Department of Experimental Medicine, Section of Hygiene, Occupational Medicine and Forensic, Medicine, Second University of Naples, Naples, Italy.
Center of Excellence for Epidemiology and Health Services Research for Healthcare Professionals (CVcare), Institute for Health Service Research in Dermatology and Nursing, University Medical Center Hamburg-Eppendorf, Hamburg, Germany.
J Occup Med Toxicol. 2015 Jan 27;10:2. doi: 10.1186/s12995-015-0044-y. eCollection 2015.
A systematic review and meta-analysis was conducted to evaluate the agreement between Tuberculin Skin Test (TST) and Quantiferon (QFT) in screening for tuberculosis (TB) infection among healthcare workers (HCWs) and to estimate associations between TST and QFT agreement and variables of interest, such as Bacillus Calmette-Guérin (BCG) vaccination and incidence of TB.
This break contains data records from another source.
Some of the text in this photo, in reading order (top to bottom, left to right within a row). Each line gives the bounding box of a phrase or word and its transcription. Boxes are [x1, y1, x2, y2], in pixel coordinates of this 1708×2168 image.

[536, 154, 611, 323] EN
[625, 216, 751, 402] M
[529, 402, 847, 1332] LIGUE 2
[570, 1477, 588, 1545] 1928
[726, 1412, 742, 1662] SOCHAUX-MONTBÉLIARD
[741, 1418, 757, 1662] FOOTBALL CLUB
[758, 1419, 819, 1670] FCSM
Cross-sectional and longitudinal studies on HCWs, published in English until October 2013, comparing TST and QFT results, were selected. For each study Cohen's κ value and a 95% confidence interval were calculated. Summary measures and indexes of heterogeneity between studies were calculated.
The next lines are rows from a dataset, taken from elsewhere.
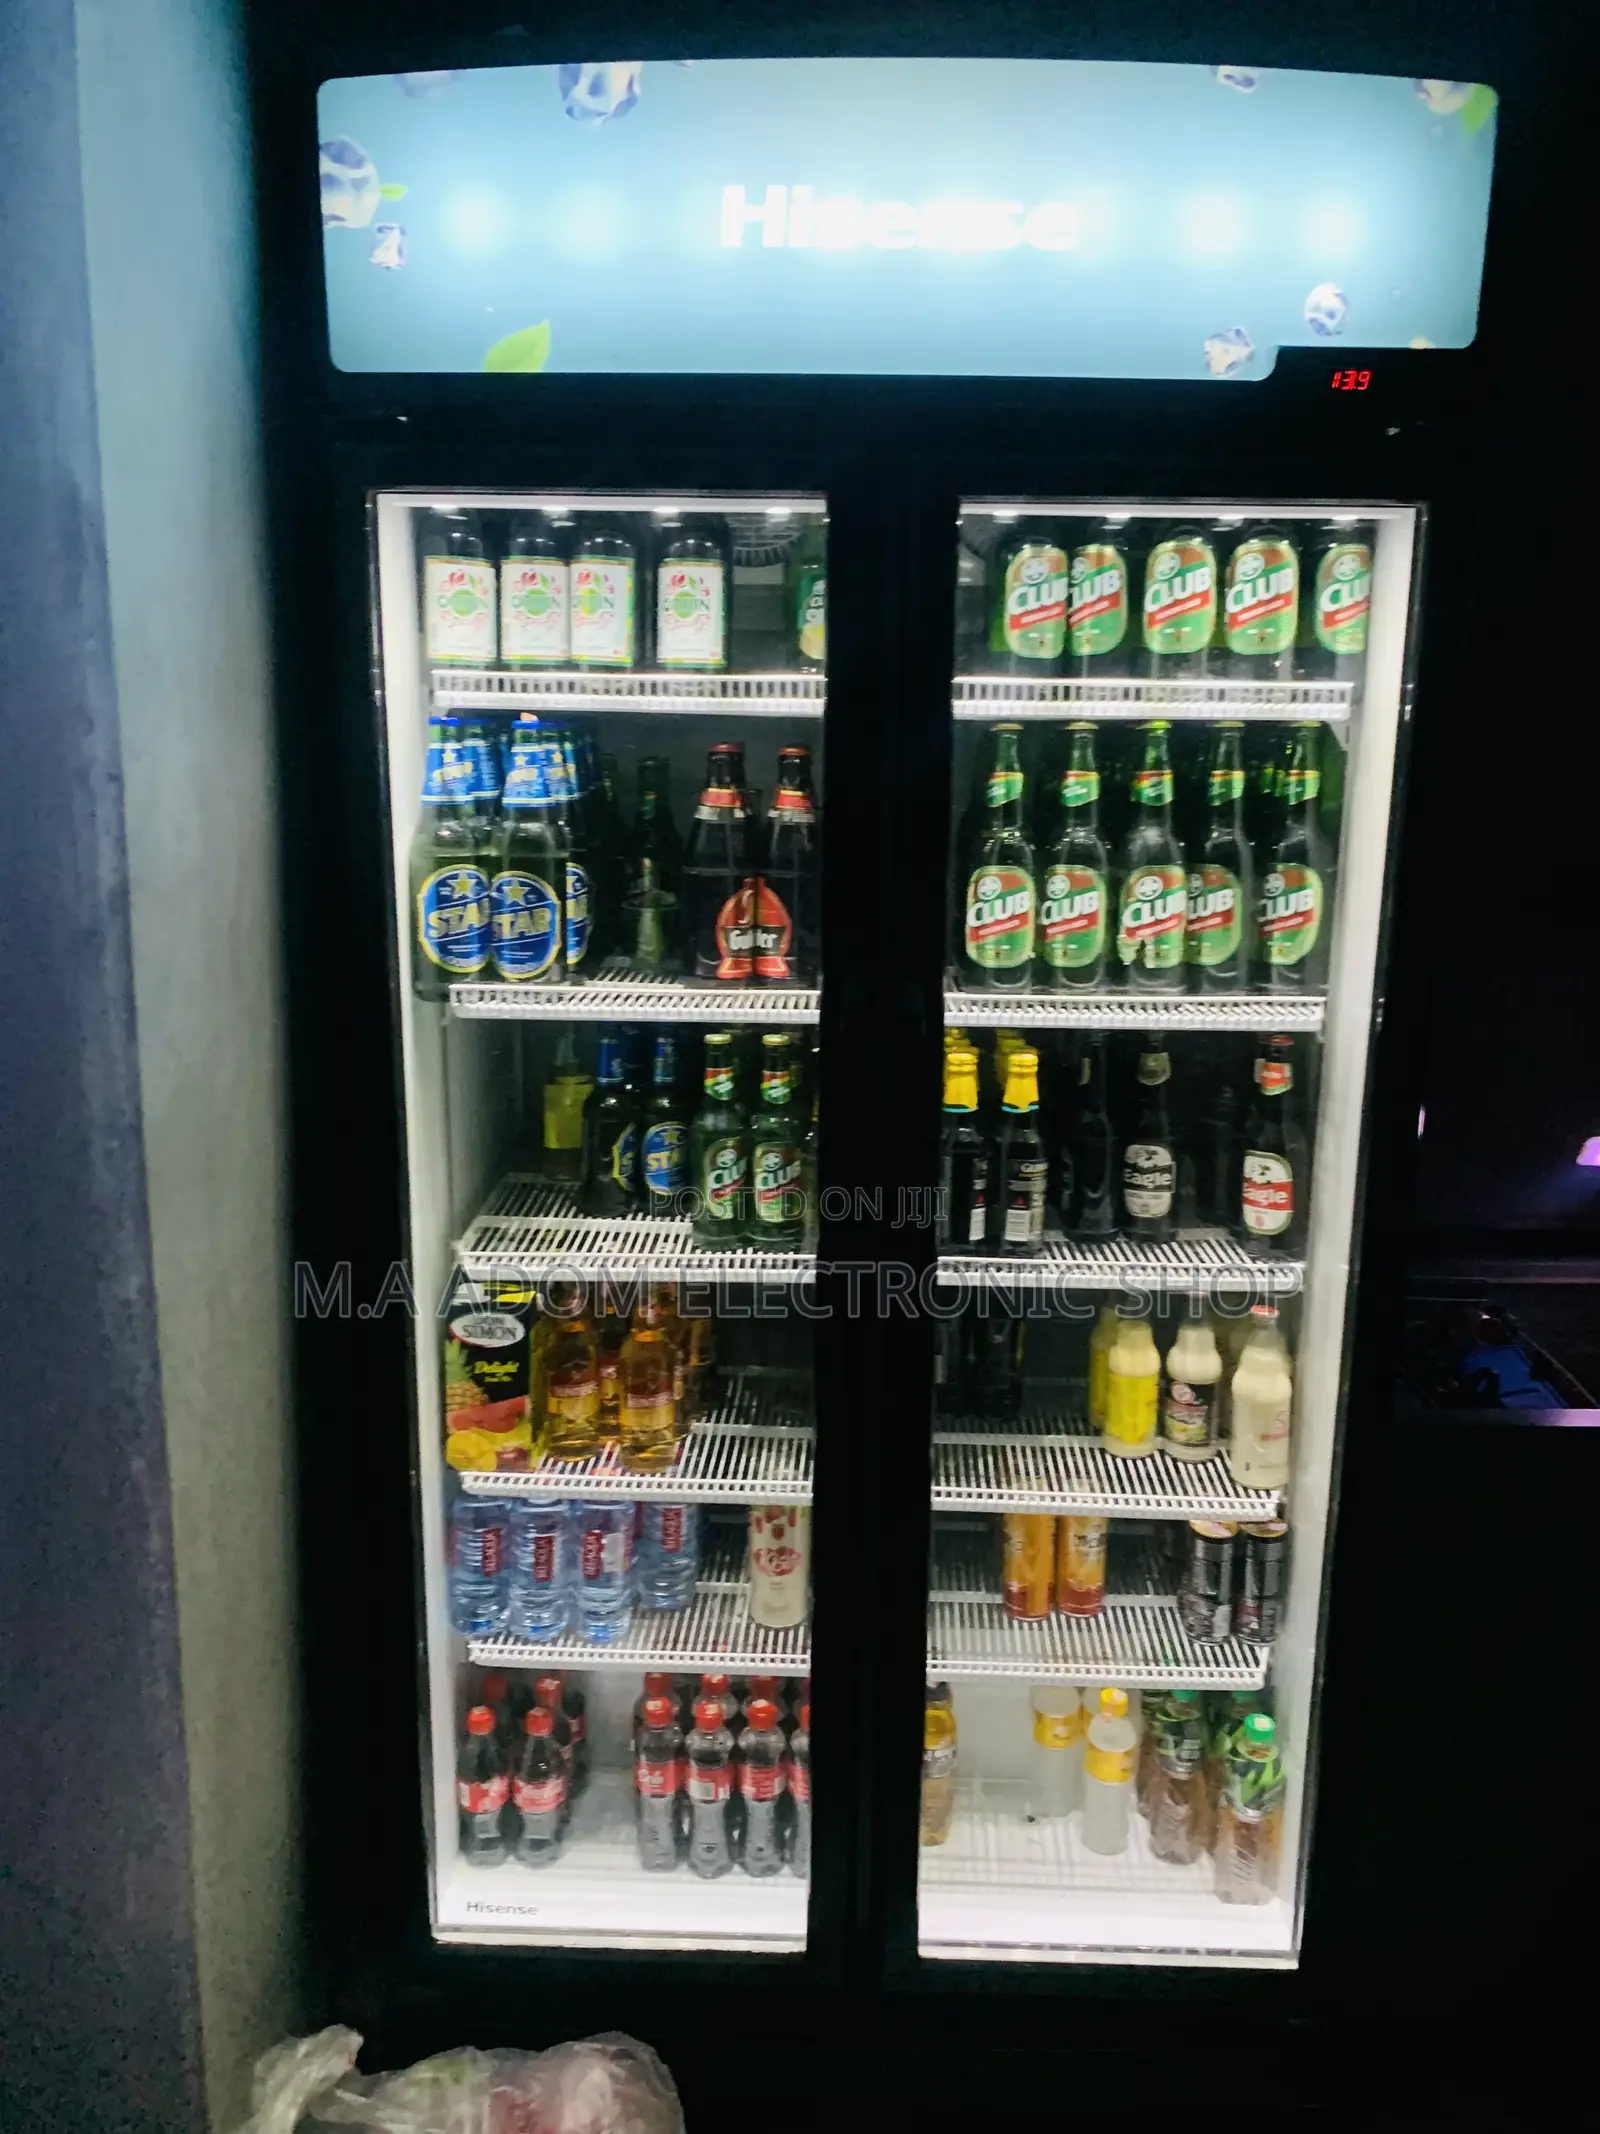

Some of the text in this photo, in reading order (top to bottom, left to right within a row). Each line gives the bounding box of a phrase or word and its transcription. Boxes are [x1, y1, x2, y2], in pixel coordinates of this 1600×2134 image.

[1145, 566, 1212, 612] CLUB
[1225, 567, 1295, 613] CLUB
[1320, 573, 1371, 612] CLU
[967, 891, 1030, 927] CLUB
[1188, 888, 1234, 920] LUB
[466, 1901, 539, 1915] Hisense
29 studies were selected comprising a total of 11,434 HCWs. Cohen's κ for agreement between TST and QFT for 24 of them was 0.28 (95% CI 0.22 to 0.35), with the best value in high TB incidence countries and the lowest rate of BCG vaccination.
Currently, there is no gold standard for TB screening and the most-used diagnostic tools show low agreement. For evidence-based health surveillance in HCWs, occupational physicians need to consider a number of factors influencing screening results, such as TB incidence, vaccination status, age and working seniority.
系统评价和荟萃分析评估了结核菌素皮肤试验(TST)和结核菌素干扰素释放试验(QFT)在筛查医护人员(HCW)结核病(TB)感染中的一致性,并估计 TST 和 QFT 一致性与感兴趣变量(如卡介苗(BCG)接种和 TB 发病率)之间的关联。
选择了截至 2013 年 10 月发表的比较 TST 和 QFT 结果的 HCW 的横断面和纵向研究。为每项研究计算了 Cohen's κ 值和 95%置信区间。计算了研究之间汇总指标和异质性指标。
选择了 29 项研究,共纳入 11434 名 HCW。其中 24 项研究 TST 和 QFT 之间的 Cohen's κ 为 0.28(95%CI 0.22 至 0.35),在 TB 发病率高的国家和 BCG 接种率最低的国家最佳。
目前,TB 筛查尚无金标准,最常用的诊断工具一致性较低。对于 HCW 的基于证据的健康监测,职业医生需要考虑影响筛查结果的许多因素,如 TB 发病率、疫苗接种状态、年龄和工作年限。